Talented actor and director Joseph-Gordon Levitt recently shared some few updates on the movie adaptation of Neil Gaiman's "Sandman."
In an interview with Moviefone, the actor-director said there is still no script yet for the movie.
"Right now we're working on a script," he said.
"It's me and Goyer and the screenwriter and Neil Gaiman, as well as the good folks at DC and Warner Bros," he added.
The actor who has appeared in "Looper" and made his directorial debut in "Don John" claimed it would be an exciting experience creating the movie. Apparently, he is collaborating with the people behind the success of the Christopher Nolan directed "Batman" movies.
Joseph Gordon-Levitt added the team is "still kind of working out" on the script since it would reportedly be a challenge adapting "Sandman" into a movie.

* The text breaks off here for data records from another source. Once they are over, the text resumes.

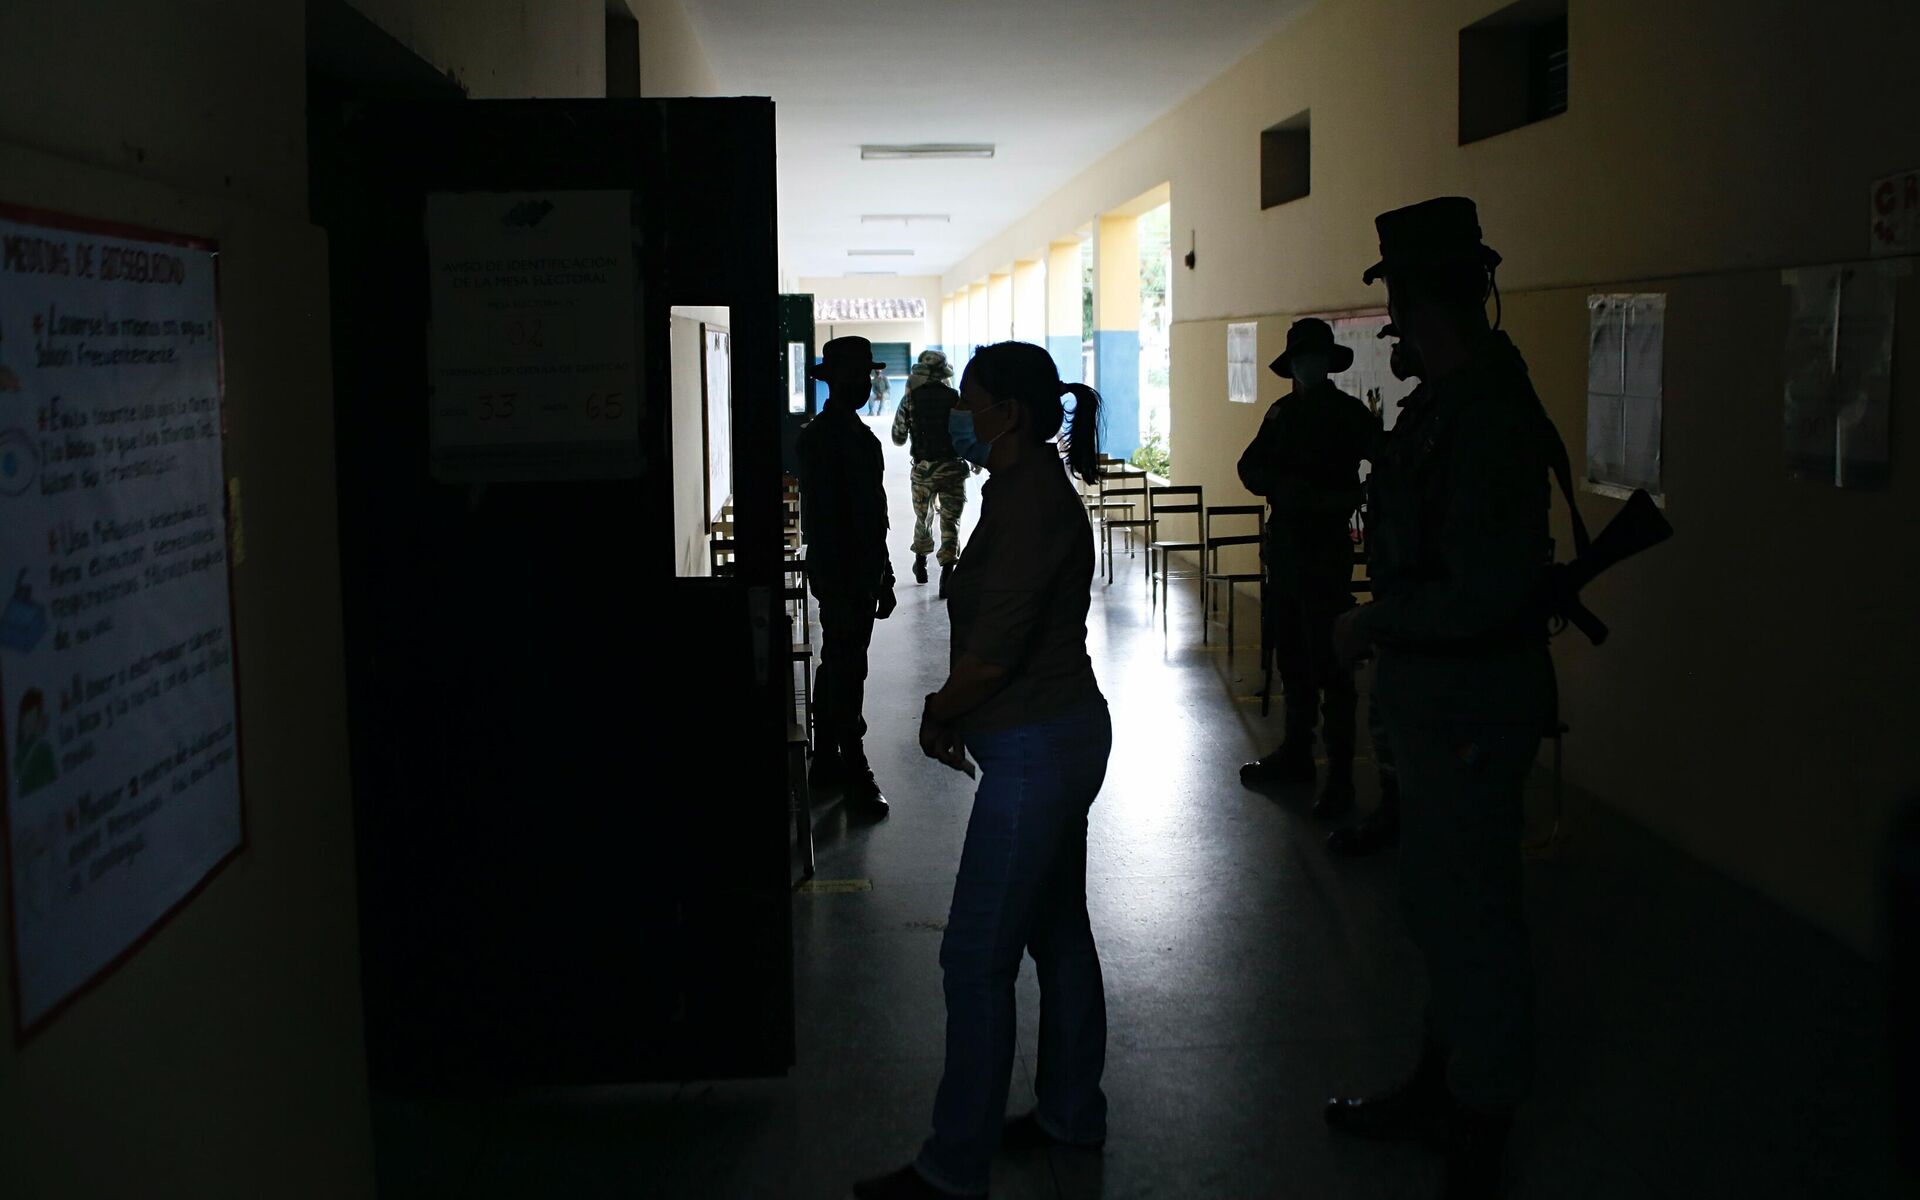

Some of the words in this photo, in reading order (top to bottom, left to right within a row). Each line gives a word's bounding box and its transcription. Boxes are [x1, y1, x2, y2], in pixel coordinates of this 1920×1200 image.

[4, 233, 70, 276] MEDIDAS
[76, 242, 94, 279] DE
[101, 244, 185, 286] BIOSEGURIDAD
[442, 261, 483, 274] AVISO
[487, 260, 505, 272] DE
[453, 277, 470, 289] DE
[472, 276, 493, 289] LA
[495, 275, 529, 288] MESA
[533, 271, 609, 286] ELECTORAL
[479, 391, 518, 421] 33
[585, 391, 625, 421] 65
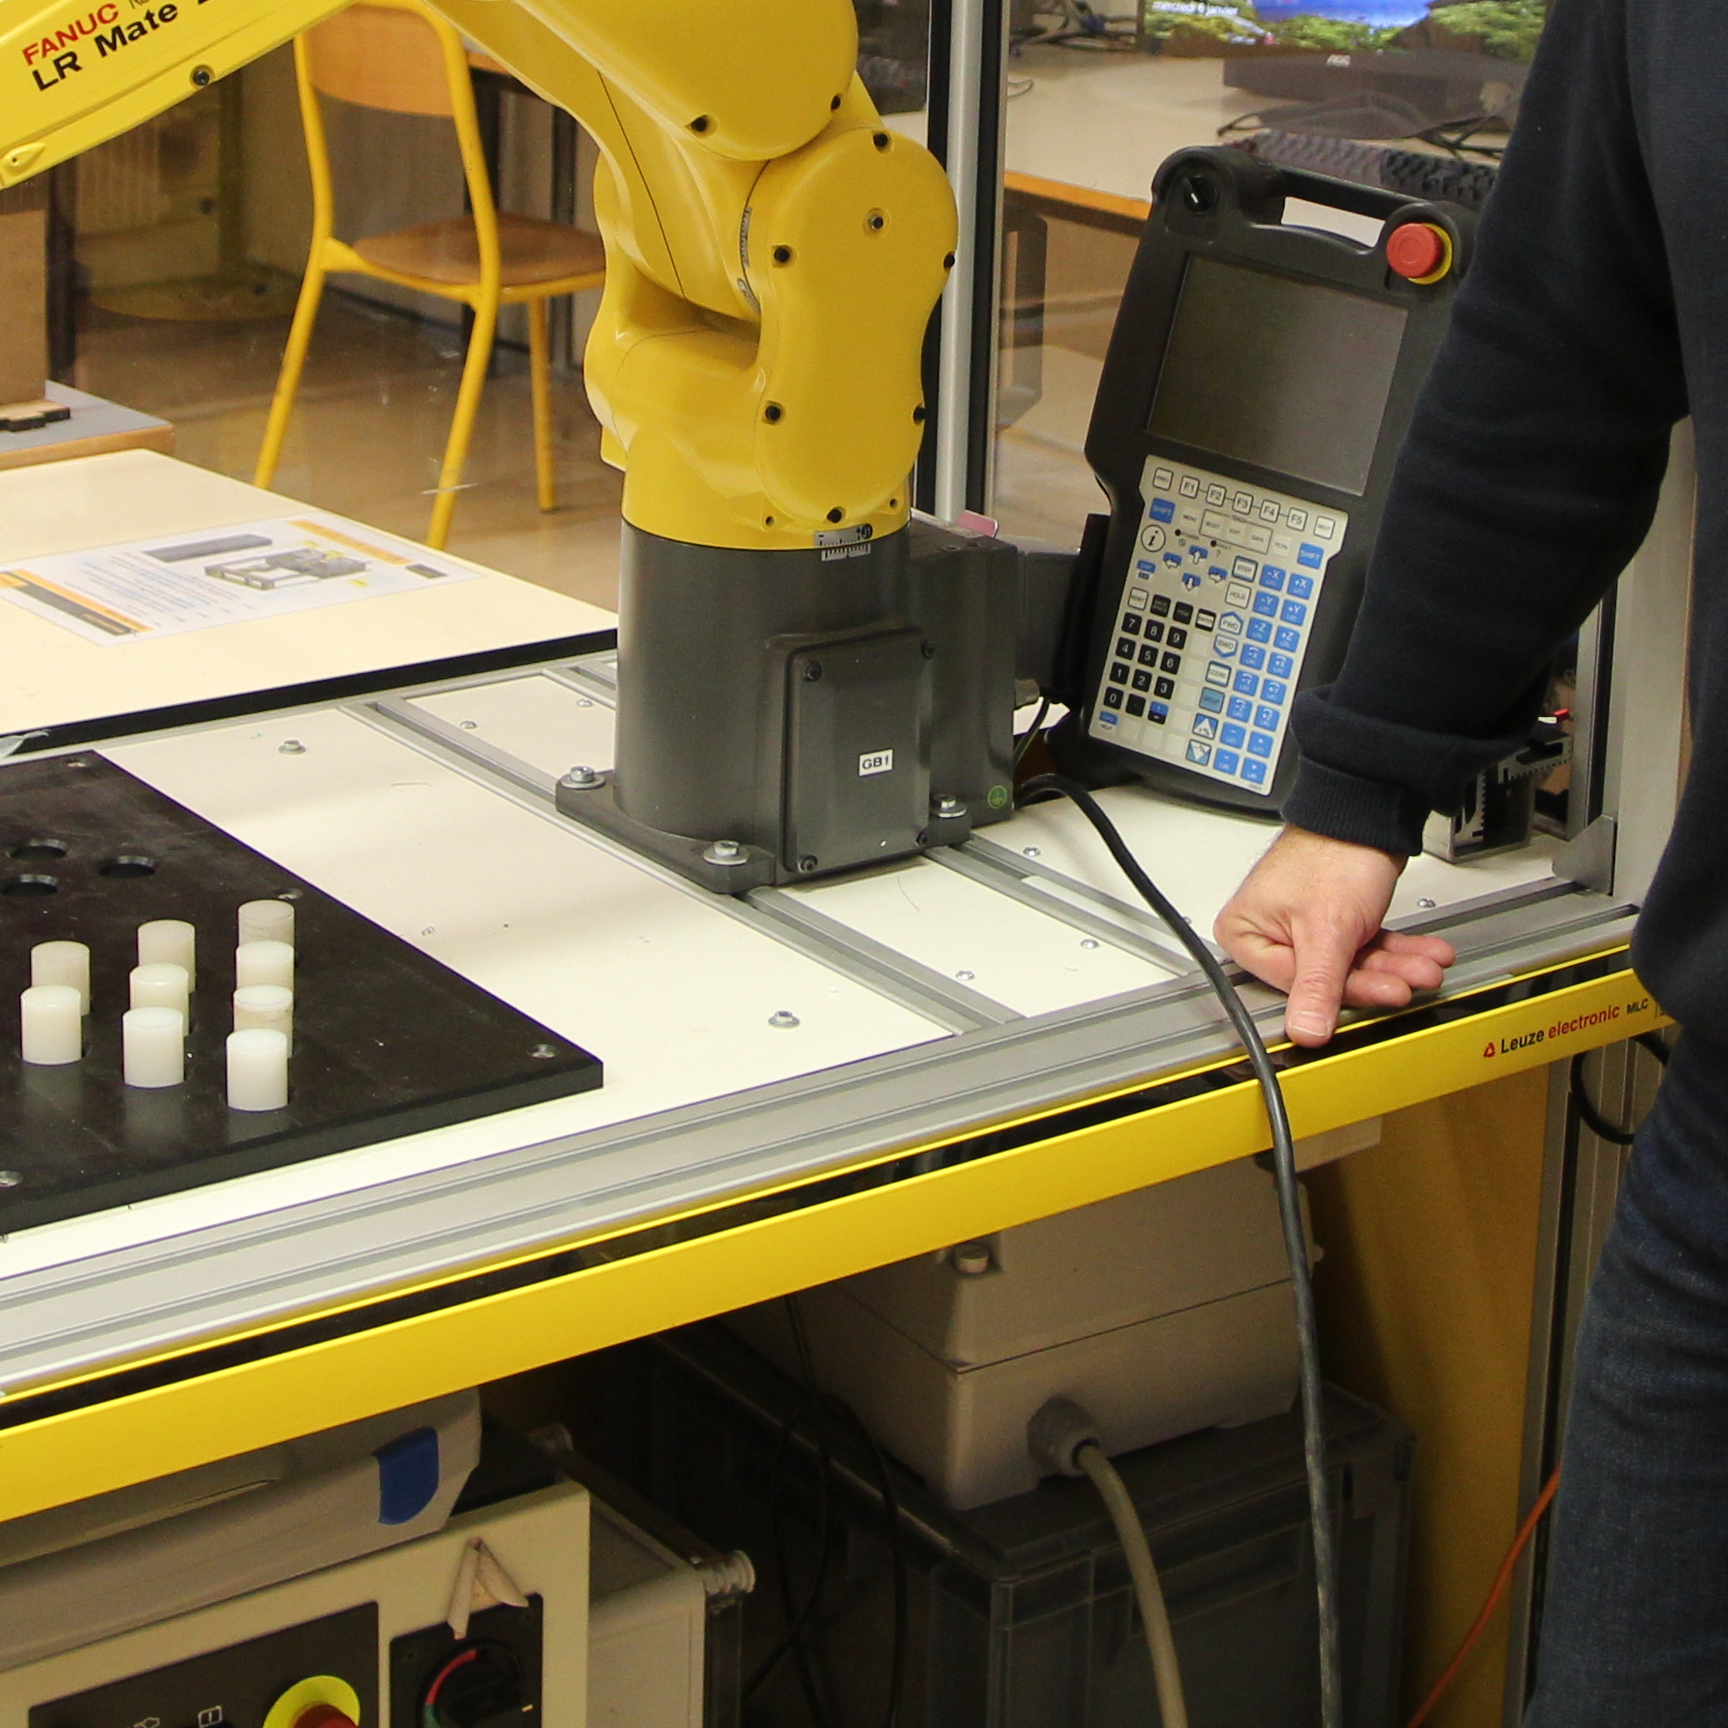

According to the actor, the series of books in Neil Gaiman's "Sandman" wasn't written as novels. Unlike Frank Miller's "Sin City," the sequences revolves on a per episode story. It is the same reason why Joseph said many people have failed in their attempts to adapt the 75-episodic issues into a movie for the past 20 years.
However, despite his reported claims of other people's failures, Collider claims the actor sounded optimistic on the off-chance that he would finally be able to make the "Sandman" movie happen. Although the team is "still in the middle" of the adaptation, Joseph thinks they may have the "right ideas."
The 75-episodic issues would also be treated as an entire cinematic universe. The actor confirmed "Sandman" would be made "in terms of a whole world." According to Collider, there is no doubt that Warner Bros. would like to work with the "Sandman" production team in possibly having the first-ever adaptation into a movie franchise.
The Guardian claims "Sandman" catapulted Neil Gaiman into stardom as the graphic series became a phenomenon. It was reported to have even made it under the DC-comics Vertigo lineup along with "Hellblazer" and "Swamp Thing."
According to writer David Barnett, there could only be one possible reason why Neil Gaiman's "Sandman" existed. He said it "has to be because it is great."